### [Task item]
Everything from the line containing "this 1920×800 image." to the end of the records must be restated word for word, and nothing else.

[Opening Input data section]

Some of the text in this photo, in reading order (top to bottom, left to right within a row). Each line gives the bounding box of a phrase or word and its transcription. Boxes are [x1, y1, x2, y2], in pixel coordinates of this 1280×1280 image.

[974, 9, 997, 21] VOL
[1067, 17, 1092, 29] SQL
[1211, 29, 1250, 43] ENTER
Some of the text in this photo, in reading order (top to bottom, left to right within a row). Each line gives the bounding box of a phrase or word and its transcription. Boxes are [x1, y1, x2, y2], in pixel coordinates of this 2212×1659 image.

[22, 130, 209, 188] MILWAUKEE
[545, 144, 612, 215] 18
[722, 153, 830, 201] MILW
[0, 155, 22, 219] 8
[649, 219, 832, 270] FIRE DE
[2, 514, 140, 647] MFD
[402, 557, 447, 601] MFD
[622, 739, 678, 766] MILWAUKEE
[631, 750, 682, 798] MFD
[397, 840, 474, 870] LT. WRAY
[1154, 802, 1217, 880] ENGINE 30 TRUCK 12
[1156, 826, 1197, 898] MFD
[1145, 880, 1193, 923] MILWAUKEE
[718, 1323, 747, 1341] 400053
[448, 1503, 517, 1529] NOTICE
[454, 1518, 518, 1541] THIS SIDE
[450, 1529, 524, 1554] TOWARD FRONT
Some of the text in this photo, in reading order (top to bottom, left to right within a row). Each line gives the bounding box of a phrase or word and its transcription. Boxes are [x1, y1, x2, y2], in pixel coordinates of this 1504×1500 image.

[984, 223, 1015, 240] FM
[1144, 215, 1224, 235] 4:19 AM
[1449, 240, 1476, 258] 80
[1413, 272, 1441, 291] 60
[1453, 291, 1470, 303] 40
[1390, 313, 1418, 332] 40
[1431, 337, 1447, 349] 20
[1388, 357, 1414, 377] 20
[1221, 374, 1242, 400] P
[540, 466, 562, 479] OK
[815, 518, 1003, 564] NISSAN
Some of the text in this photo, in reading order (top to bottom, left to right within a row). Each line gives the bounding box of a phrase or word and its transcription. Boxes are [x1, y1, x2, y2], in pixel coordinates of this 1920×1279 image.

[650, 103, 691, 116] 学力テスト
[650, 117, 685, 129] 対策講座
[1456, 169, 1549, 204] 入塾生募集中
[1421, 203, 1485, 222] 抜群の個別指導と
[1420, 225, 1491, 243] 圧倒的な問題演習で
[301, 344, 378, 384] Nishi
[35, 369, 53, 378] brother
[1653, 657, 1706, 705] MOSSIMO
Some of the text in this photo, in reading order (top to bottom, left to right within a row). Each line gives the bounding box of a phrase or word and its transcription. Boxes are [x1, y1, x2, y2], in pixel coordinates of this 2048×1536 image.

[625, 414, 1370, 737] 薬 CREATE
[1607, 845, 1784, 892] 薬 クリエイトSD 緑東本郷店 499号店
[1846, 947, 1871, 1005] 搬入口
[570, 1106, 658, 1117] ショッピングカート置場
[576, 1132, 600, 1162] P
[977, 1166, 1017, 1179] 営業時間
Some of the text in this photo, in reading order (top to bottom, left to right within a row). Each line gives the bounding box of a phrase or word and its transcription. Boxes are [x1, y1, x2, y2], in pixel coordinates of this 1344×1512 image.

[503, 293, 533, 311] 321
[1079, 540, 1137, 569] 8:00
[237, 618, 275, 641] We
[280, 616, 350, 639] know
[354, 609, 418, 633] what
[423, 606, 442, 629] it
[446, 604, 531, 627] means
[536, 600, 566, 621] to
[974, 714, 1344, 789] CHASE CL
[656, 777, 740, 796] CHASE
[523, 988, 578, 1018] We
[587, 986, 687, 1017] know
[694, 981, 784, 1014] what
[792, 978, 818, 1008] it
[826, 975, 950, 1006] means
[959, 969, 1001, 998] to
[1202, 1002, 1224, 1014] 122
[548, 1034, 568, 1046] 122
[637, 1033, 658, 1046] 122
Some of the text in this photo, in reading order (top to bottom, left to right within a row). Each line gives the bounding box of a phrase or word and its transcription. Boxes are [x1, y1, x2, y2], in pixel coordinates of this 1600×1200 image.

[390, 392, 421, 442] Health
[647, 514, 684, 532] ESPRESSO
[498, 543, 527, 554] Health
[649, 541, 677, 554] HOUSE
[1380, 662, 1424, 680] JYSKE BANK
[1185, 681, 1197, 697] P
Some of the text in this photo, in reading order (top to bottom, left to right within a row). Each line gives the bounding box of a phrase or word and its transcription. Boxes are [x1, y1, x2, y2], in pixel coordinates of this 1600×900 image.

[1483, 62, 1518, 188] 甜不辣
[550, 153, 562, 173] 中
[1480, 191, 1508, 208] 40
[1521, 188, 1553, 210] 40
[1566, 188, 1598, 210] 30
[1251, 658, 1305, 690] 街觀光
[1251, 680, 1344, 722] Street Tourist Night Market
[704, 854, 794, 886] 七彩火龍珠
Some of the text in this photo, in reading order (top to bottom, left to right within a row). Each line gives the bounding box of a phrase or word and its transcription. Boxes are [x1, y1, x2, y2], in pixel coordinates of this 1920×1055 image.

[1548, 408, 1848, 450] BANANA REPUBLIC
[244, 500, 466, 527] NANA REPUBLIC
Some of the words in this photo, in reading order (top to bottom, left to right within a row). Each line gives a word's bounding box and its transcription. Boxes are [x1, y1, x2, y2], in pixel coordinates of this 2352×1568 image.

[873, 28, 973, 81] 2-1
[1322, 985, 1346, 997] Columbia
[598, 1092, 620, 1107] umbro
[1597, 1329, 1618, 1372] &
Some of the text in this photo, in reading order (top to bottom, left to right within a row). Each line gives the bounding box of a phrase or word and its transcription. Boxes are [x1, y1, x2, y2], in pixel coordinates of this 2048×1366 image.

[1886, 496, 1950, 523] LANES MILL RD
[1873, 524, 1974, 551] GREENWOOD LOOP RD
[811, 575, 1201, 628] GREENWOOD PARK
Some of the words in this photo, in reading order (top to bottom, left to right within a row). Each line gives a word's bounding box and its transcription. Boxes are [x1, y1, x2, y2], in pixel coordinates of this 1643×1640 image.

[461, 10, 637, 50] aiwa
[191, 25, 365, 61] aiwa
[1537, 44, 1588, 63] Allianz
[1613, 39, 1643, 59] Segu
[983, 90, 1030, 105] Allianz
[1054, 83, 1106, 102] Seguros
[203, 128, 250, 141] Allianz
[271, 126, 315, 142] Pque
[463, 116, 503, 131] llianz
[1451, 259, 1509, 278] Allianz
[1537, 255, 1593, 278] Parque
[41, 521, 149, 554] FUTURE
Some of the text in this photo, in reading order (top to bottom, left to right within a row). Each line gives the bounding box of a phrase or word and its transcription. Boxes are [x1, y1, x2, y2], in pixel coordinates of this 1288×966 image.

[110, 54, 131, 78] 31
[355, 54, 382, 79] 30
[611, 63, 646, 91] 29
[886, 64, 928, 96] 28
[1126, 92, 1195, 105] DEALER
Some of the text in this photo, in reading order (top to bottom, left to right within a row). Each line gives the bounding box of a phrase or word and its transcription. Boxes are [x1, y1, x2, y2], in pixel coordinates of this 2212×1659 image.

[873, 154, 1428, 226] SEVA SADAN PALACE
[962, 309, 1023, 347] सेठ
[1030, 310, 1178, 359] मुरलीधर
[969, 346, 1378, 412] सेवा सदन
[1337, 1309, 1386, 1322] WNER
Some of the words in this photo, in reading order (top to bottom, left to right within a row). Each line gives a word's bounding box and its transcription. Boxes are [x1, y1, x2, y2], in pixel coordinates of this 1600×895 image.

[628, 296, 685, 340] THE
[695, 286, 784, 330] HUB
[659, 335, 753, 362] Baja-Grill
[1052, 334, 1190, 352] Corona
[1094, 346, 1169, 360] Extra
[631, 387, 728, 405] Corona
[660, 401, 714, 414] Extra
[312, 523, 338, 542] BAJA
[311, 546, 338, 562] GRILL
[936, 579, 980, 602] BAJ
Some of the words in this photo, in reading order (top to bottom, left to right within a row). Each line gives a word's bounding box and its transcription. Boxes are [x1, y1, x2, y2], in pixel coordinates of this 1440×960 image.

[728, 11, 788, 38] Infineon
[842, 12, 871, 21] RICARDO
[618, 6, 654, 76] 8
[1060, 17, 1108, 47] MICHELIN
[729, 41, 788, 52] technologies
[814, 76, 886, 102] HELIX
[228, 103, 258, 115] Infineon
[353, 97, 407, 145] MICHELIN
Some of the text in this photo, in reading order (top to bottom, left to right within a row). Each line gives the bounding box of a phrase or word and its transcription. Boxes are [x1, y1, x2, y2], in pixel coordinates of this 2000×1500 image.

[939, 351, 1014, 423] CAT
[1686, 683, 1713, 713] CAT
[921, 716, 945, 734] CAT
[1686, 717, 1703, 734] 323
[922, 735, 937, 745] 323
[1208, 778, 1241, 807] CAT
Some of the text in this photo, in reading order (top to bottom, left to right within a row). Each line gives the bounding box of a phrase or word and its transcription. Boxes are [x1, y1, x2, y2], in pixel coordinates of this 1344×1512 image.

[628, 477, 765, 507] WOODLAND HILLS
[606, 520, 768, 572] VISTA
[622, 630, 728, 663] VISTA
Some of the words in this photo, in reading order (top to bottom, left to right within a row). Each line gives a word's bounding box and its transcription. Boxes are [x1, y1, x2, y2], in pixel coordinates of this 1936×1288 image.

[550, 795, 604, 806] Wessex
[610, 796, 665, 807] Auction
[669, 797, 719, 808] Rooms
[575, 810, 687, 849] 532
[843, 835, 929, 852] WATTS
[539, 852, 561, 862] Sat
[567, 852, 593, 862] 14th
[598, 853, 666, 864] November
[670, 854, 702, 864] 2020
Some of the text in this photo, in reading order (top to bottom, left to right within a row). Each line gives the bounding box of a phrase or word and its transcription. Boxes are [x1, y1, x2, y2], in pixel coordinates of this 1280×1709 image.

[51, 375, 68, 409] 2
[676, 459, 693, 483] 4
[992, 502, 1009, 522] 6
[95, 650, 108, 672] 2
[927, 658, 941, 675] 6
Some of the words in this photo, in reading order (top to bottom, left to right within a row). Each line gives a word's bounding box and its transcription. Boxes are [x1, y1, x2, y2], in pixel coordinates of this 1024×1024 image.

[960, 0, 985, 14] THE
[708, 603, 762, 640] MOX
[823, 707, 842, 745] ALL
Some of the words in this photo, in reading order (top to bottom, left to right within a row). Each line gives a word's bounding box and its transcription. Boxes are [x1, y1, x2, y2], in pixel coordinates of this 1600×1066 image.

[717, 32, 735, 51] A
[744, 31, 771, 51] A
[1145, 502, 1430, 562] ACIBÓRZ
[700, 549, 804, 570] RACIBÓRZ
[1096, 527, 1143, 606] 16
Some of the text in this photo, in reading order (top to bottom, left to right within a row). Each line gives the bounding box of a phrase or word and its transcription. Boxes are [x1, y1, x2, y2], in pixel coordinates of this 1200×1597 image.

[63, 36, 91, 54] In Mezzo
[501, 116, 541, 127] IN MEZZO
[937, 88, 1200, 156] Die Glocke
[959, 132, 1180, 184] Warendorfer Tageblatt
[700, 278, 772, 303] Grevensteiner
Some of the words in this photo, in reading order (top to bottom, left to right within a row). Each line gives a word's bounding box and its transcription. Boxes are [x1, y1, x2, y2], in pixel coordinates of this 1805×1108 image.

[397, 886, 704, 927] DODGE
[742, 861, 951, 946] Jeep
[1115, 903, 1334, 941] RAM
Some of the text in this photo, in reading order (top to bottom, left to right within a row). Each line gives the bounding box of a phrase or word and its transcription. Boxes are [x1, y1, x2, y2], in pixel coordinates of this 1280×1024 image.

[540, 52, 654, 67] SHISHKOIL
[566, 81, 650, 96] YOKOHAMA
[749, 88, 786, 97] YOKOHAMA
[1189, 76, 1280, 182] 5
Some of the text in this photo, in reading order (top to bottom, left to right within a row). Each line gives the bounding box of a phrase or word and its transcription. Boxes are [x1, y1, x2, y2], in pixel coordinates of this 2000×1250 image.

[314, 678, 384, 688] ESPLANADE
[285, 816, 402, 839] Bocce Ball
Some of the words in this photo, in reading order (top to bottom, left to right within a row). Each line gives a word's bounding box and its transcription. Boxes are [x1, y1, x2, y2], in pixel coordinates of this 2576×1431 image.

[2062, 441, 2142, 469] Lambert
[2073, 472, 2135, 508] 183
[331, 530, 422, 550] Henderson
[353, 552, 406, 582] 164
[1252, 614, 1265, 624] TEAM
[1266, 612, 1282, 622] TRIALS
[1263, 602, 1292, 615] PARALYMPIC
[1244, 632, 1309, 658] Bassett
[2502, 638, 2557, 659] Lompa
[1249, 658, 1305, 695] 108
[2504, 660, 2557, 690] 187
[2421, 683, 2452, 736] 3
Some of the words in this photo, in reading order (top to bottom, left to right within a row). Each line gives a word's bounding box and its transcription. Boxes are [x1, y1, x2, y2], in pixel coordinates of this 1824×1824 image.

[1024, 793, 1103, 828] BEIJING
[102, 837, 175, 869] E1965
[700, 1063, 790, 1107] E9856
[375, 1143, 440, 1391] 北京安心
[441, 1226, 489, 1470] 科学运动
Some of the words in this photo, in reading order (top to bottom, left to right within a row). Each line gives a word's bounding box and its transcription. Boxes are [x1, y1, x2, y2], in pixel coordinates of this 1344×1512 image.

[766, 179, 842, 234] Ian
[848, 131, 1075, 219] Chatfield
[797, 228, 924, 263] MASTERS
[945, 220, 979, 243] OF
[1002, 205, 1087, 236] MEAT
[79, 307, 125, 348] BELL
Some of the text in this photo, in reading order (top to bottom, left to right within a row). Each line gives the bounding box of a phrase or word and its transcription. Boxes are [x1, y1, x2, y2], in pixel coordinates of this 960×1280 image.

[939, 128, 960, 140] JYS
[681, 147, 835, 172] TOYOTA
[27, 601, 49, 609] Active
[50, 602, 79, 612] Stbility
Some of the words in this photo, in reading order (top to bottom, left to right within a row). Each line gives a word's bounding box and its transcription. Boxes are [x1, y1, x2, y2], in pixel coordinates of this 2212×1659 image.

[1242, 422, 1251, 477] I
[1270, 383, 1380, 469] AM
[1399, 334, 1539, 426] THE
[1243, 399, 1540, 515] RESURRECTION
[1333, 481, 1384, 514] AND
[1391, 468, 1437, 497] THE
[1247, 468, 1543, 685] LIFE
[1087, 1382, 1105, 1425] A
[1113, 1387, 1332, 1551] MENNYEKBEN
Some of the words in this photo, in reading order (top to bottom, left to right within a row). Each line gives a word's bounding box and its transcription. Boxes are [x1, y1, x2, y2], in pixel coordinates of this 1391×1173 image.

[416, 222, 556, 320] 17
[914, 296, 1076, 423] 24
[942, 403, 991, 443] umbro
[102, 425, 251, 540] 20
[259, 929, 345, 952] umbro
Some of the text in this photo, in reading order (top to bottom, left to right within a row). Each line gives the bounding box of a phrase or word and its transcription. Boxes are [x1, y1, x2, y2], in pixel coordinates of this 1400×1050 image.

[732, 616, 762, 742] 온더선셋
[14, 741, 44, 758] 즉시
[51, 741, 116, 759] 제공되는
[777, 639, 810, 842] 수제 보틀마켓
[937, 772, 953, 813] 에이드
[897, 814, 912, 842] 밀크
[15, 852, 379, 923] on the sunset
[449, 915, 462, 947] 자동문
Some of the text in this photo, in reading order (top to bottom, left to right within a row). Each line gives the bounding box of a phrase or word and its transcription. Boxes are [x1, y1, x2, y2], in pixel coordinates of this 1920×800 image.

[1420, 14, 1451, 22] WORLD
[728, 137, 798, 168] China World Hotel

[Closing Input data section]

### [Exercise response]
Some of the text in this photo, in reading order (top to bottom, left to right within a row). Each line gives the bounding box of a phrase or word and its transcription. Boxes are [x1, y1, x2, y2], in pixel coordinates of this 1920×800 image.

[1420, 14, 1451, 22] WORLD
[728, 137, 798, 168] China World Hotel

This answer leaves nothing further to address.